Anglo-Indian origin of ‘loot’ (goods stolen in war)

PRIMARY MEANINGS OF LOOT

 

– noun: goods stolen during pillaging, as in wartime, during riots, etc. – goods, money, etc., obtained illegally
– verb: to pillage (a city, settlement, etc.) during war or riots – to steal (money or goods), especially during pillaging

 

ORIGIN

 

The following definition is from Hobson-Johnson: A glossary of colloquial Anglo-Indian words and phrases, and of kindred terms, etymological, historical, geographical and discursive, first published in 1886, by Henry Yule (1820-89) and Arthur Coke Burnell (1840-82):

(1903 edition)
LOOT, substantive & verb. Plunder; Hindi lūṭ, and that from Sanskrit lotra, for loptra, root lup, ‘rob, plunder’; [rather luṇṭ, ‘to rob’]. The word appears in Stockdale’s Vocabulary¹, of 1788, as “Loot—plunder, pillage.” It has thus long been a familiar item in the Anglo-Indian colloquial. But between the Chinese War of 1841, the Crimean War (1854-5), and the Indian Mutiny (1857-8), it gradually found acceptance in England also, and is now a recognised constituent of the English Slang Dictionary². Admiral Smyth has it in his Nautical Glossary³ (1867) thus: “Loot, plunder, or pillage, a term adopted from China.”

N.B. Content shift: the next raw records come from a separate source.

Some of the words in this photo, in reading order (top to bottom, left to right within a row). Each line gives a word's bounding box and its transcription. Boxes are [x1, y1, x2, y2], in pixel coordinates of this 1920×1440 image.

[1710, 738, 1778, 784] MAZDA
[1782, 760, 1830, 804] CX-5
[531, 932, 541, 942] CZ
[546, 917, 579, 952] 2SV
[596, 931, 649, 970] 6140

¹ The Indian Vocabulary. To which is prefixed the Forms of Impeachments (printed for John Stockdale – London, 1788)
² In The Slang Dictionary; or, The vulgar words, street phrases, and “fast” expressions of high and low society. Many with their etymology, and a few with their history traced (London, 1864), by the English publisher and author John Camden Hotten (1832-73), loot appeared as “swag, or plunder.—Hindoo.
³ The Sailor’s Word-Book (London, 1867), by the British naval officers William Henry Smyth (1788-1865) and Edward Belcher (1799-1877)

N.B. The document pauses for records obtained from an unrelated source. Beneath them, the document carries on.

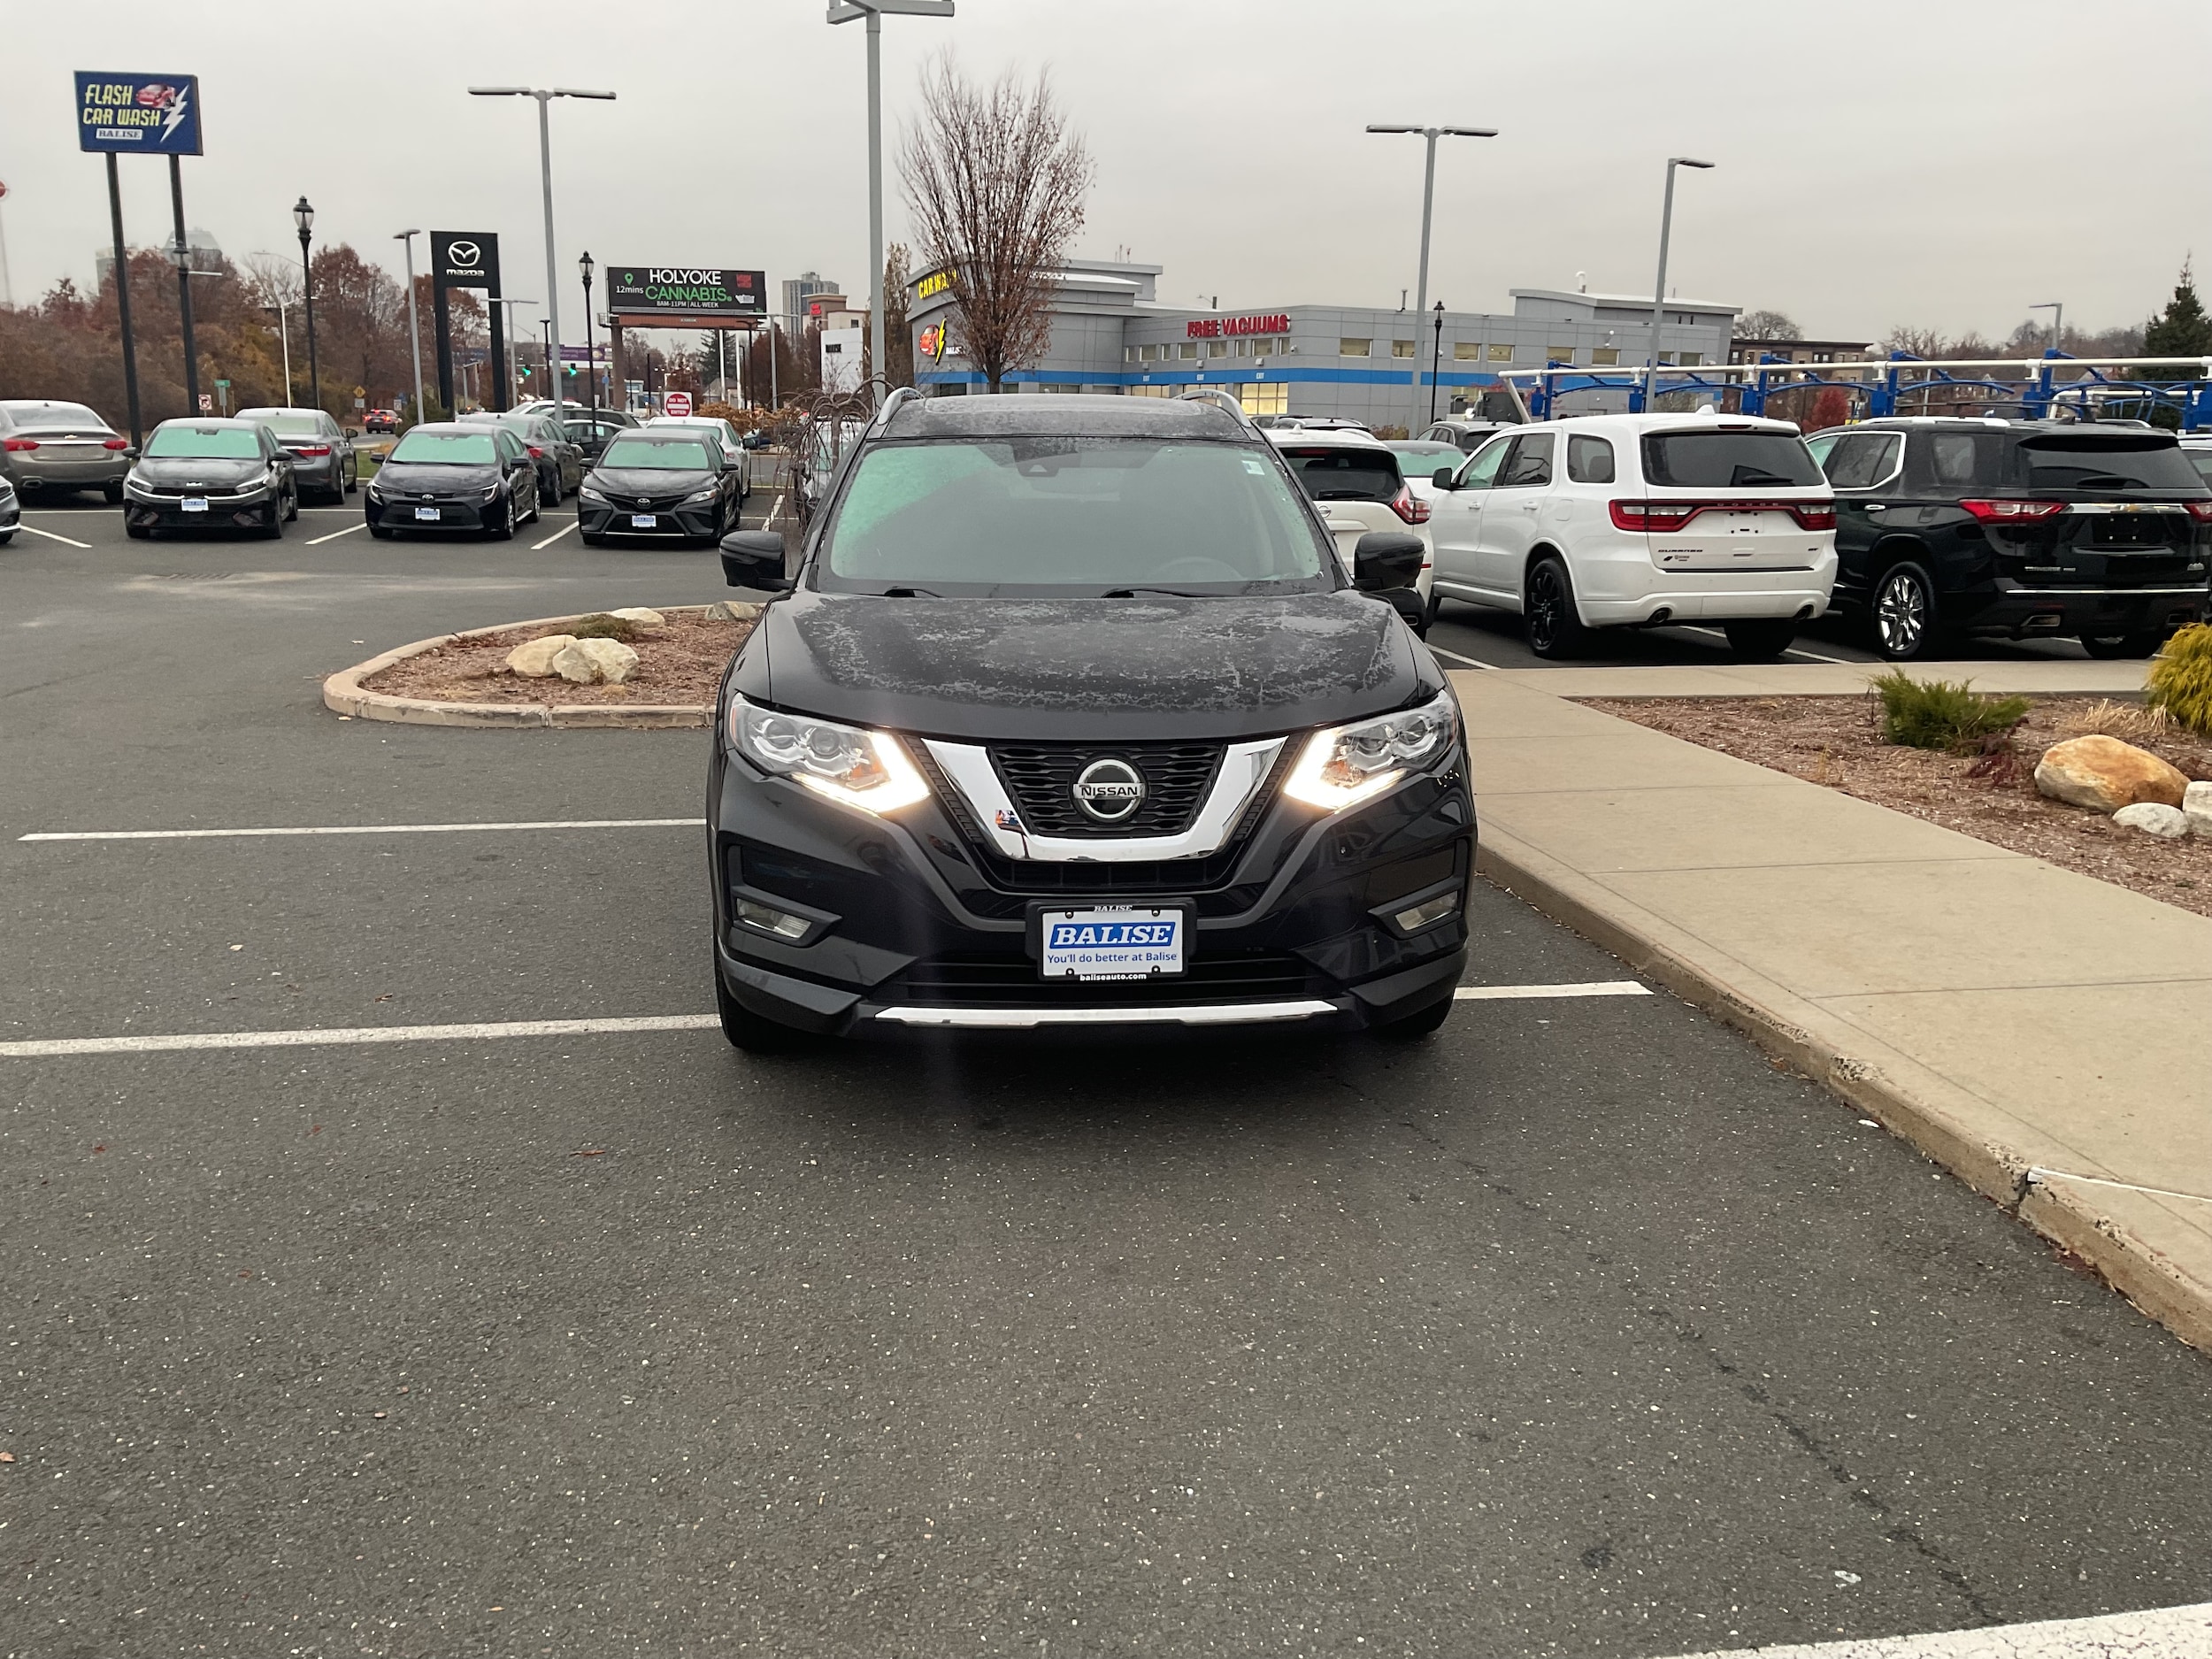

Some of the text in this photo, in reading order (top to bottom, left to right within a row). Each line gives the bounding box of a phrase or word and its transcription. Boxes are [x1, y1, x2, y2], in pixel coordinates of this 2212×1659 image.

[85, 83, 134, 105] FLASH
[82, 107, 161, 127] CAR WASH
[97, 129, 142, 139] BALISE
[446, 268, 485, 277] mazda
[649, 268, 722, 285] HOLYOKE
[616, 285, 644, 295] 12mins
[918, 277, 933, 299] CAR
[1187, 314, 1291, 337] FREE VACUUMS
[1080, 786, 1138, 796] NISSAN
[1094, 904, 1133, 913] BALISE
[1053, 925, 1171, 946] BALISE
[1047, 951, 1178, 964] You'll do better at Balise
[1079, 973, 1148, 982] baliseauto.com

One of the earliest uses of the noun loot in English is from Persia, Afghanistan, and India, published in Blackwood’s Edinburgh Magazine of January 1839:

The annals of the Pindarry war show how easily a marauding force, held together solely by the hope of spoil, is collected in India. The famous freebooting leader, Ameer Khan (lately dead), on being asked how he contrived to keep together the various tribes and religions found in the ranks of his motley followers, said that he always found the talismanic gathering word Loot (plunder) a sufficient bond of union in any part of India.

 

OTHER MEANINGS

 

The noun loot came to be also used as slang for money; in Service slang: a first selection (London, 1943), John Leslie Hunt and Alan George Pringle wrote:

Loot, Scottish slang for money received on pay day.

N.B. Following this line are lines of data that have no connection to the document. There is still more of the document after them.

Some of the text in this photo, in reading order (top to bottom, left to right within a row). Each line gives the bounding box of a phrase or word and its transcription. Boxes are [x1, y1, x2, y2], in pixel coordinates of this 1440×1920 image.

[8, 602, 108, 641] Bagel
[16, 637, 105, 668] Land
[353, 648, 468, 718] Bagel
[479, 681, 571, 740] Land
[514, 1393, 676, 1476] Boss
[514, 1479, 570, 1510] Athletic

The English novelist John Le Carré (David John Moore Cornwell – born 1931) used the word in this sense in A Most Wanted Man (Hodder & Stoughton – London, 2008):

If you were trying to induce a ranking Soviet to risk his neck for capitalism, then believe me, Tommy, you had to offer him what capitalism was all about: money and sackloads of it.
[…] And a key component of this package was a sound, flexible Western bank with plenty of tradition behind it, because you know as well as I do, Tommy, your Russian loves tradition. Another key component was a waterproof system for transferring his hard-earned loot to his heirs and assigns without the formalities that normally attach: probate, estate duty, disclosure and the inevitable questions about where said loot came from, all the stuff you know about, Tommy.

The noun came to also denote wedding presents; the American magazine Life of 13th September 1954 had the following:

SULTAN OF SWAP
Trader John lives by finding unwanted presents

The neat, small house at 5257 Twenty-Seventh Avenue in Minneapolis is festooned with new awnings and girdled by a new fence, boasts a freshly painted garage and a recently sodded lawn and has the busiest basement in town. This is all because an affable, natural-born swapper named John Ludewig decided to take pity on the many brides who get duplicate wedding presents —two toasters or five bonbon dishes or ten candlesticks.
Last January Ludewig unveiled his new store, called the Recherché (which means “sought out”) Wedding Gift Basement, where newlyweds could dump their unusable loot. Since then nearly 500 brides have sought out the Recherché. They pay Ludewig 10% of the retail cost of their item and can credit the balance toward the exchange of any other item Ludewig has. As small appliances began piling up on his shelves, Trader John, as he calls himself, began swapping them for items he needed—everything from groceries to grass. He now keeps the Recherché open weekends and evenings by appointment and, beyond the services which he obtains for nothing by swapping, manages to net about $100 a week.